| Dataset extract |
● ● ● ● ●
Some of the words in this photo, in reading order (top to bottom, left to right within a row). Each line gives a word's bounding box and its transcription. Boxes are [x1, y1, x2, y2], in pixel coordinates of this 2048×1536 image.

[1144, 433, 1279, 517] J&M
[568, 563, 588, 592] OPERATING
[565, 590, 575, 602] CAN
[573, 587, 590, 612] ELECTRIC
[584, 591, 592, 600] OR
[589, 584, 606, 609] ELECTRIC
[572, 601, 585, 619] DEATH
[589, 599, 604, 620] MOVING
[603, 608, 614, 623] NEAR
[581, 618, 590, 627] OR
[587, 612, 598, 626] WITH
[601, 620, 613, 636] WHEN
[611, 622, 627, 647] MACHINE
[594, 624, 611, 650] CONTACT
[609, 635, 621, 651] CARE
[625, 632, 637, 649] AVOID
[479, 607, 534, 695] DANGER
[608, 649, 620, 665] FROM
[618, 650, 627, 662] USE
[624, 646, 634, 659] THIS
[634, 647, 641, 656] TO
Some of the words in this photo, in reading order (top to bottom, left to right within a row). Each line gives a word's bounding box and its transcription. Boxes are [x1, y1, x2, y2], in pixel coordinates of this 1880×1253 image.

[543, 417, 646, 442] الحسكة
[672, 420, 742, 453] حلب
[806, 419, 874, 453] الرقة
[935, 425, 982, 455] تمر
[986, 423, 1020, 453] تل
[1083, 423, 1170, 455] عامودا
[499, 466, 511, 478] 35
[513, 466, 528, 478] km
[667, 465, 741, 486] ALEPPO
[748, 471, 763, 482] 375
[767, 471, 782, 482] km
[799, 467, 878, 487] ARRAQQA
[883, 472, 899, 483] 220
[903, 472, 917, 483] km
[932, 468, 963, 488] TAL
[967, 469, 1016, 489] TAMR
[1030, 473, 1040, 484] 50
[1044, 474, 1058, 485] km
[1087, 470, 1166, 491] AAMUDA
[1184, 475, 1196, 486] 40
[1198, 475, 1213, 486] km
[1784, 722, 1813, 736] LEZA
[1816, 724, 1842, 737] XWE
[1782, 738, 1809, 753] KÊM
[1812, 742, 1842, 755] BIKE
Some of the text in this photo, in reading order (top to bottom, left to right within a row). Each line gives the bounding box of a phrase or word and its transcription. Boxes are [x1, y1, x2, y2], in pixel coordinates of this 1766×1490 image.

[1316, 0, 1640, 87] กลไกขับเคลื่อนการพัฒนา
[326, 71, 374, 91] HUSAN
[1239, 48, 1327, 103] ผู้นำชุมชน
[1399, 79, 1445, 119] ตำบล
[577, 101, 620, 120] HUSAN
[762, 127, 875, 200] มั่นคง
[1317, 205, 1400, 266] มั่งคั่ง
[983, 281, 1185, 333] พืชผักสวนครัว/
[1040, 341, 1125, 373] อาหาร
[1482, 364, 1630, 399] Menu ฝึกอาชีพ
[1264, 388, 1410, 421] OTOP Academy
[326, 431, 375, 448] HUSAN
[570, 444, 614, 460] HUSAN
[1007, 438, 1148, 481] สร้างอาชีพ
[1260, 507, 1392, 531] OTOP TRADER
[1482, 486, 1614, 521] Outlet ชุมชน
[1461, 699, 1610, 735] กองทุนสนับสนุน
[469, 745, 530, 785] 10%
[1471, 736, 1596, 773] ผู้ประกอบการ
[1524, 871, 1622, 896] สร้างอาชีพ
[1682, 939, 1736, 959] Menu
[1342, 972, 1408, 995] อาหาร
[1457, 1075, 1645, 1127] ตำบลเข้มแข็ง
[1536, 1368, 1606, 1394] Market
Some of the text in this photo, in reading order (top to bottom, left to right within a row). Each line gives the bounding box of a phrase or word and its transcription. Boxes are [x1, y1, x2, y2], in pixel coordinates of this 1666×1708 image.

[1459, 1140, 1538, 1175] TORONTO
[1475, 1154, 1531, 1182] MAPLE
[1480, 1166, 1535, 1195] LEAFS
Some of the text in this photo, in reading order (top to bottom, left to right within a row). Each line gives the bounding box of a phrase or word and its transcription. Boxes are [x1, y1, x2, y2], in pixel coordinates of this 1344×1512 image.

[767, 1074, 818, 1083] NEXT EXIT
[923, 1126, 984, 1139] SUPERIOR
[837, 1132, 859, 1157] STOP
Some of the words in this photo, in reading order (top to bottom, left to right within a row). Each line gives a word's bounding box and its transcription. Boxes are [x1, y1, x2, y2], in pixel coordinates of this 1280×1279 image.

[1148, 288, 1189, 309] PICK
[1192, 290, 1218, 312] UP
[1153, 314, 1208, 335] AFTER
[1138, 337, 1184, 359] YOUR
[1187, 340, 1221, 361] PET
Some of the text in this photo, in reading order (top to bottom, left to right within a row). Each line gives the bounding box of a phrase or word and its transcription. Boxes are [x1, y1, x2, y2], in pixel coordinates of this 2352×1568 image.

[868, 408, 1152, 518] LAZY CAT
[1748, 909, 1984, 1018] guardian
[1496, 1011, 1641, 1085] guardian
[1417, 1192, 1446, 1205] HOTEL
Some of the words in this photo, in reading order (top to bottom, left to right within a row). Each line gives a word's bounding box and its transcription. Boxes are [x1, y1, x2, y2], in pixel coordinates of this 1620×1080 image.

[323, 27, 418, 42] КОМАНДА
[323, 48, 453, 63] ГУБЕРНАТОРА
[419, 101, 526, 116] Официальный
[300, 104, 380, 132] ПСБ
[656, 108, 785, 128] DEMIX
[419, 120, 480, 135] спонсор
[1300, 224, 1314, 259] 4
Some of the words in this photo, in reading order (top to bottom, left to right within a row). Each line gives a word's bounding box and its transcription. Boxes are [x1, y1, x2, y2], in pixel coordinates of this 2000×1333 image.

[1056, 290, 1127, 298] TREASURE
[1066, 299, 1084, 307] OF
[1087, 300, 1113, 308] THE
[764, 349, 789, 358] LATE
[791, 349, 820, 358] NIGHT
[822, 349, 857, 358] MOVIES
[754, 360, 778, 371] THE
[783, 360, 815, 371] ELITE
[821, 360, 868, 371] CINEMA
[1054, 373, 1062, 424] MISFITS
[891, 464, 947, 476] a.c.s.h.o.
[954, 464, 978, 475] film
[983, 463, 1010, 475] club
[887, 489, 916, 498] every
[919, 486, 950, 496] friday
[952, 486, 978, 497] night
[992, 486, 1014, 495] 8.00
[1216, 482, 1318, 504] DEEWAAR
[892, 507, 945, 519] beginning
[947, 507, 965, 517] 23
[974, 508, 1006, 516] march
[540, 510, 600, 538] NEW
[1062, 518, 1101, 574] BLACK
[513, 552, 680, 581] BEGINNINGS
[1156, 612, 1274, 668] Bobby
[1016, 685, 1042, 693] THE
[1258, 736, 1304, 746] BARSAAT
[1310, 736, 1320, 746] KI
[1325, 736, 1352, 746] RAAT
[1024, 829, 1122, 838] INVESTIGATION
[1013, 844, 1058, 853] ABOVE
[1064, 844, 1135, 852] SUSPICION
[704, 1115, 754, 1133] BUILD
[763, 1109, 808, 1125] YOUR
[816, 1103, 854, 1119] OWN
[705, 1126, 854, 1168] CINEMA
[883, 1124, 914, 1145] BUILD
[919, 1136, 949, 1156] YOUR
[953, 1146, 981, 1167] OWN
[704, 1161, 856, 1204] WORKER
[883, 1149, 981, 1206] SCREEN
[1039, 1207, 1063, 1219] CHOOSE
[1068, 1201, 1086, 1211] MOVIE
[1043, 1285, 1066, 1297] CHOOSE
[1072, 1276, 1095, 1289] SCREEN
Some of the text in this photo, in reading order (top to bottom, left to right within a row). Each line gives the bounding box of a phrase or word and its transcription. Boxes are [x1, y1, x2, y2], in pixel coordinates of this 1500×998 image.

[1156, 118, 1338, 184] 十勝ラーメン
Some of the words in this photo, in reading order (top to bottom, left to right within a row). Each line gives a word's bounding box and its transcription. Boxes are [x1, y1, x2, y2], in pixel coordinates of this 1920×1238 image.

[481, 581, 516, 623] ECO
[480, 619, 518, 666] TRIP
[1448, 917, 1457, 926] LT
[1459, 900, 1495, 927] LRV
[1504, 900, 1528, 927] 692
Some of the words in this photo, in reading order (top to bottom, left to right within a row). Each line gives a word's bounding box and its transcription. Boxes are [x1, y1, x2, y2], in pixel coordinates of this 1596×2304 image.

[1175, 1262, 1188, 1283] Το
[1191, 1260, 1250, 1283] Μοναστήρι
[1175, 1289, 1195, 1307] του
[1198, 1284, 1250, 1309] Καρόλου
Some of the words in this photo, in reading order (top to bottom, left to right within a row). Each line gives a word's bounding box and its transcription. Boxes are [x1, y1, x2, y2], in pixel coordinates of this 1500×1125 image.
● ● ● ● ●
| Your instructions |
Write out exactly the lines that begin at the one containing "this 1500×998 image." and continue through the last line of the data, and only those.

| Response to the task |
Some of the text in this photo, in reading order (top to bottom, left to right within a row). Each line gives the bounding box of a phrase or word and its transcription. Boxes are [x1, y1, x2, y2], in pixel coordinates of this 1500×998 image.

[1156, 118, 1338, 184] 十勝ラーメン
Some of the words in this photo, in reading order (top to bottom, left to right within a row). Each line gives a word's bounding box and its transcription. Boxes are [x1, y1, x2, y2], in pixel coordinates of this 1920×1238 image.

[481, 581, 516, 623] ECO
[480, 619, 518, 666] TRIP
[1448, 917, 1457, 926] LT
[1459, 900, 1495, 927] LRV
[1504, 900, 1528, 927] 692
Some of the words in this photo, in reading order (top to bottom, left to right within a row). Each line gives a word's bounding box and its transcription. Boxes are [x1, y1, x2, y2], in pixel coordinates of this 1596×2304 image.

[1175, 1262, 1188, 1283] Το
[1191, 1260, 1250, 1283] Μοναστήρι
[1175, 1289, 1195, 1307] του
[1198, 1284, 1250, 1309] Καρόλου
Some of the words in this photo, in reading order (top to bottom, left to right within a row). Each line gives a word's bounding box and its transcription. Boxes are [x1, y1, x2, y2], in pixel coordinates of this 1500×1125 image.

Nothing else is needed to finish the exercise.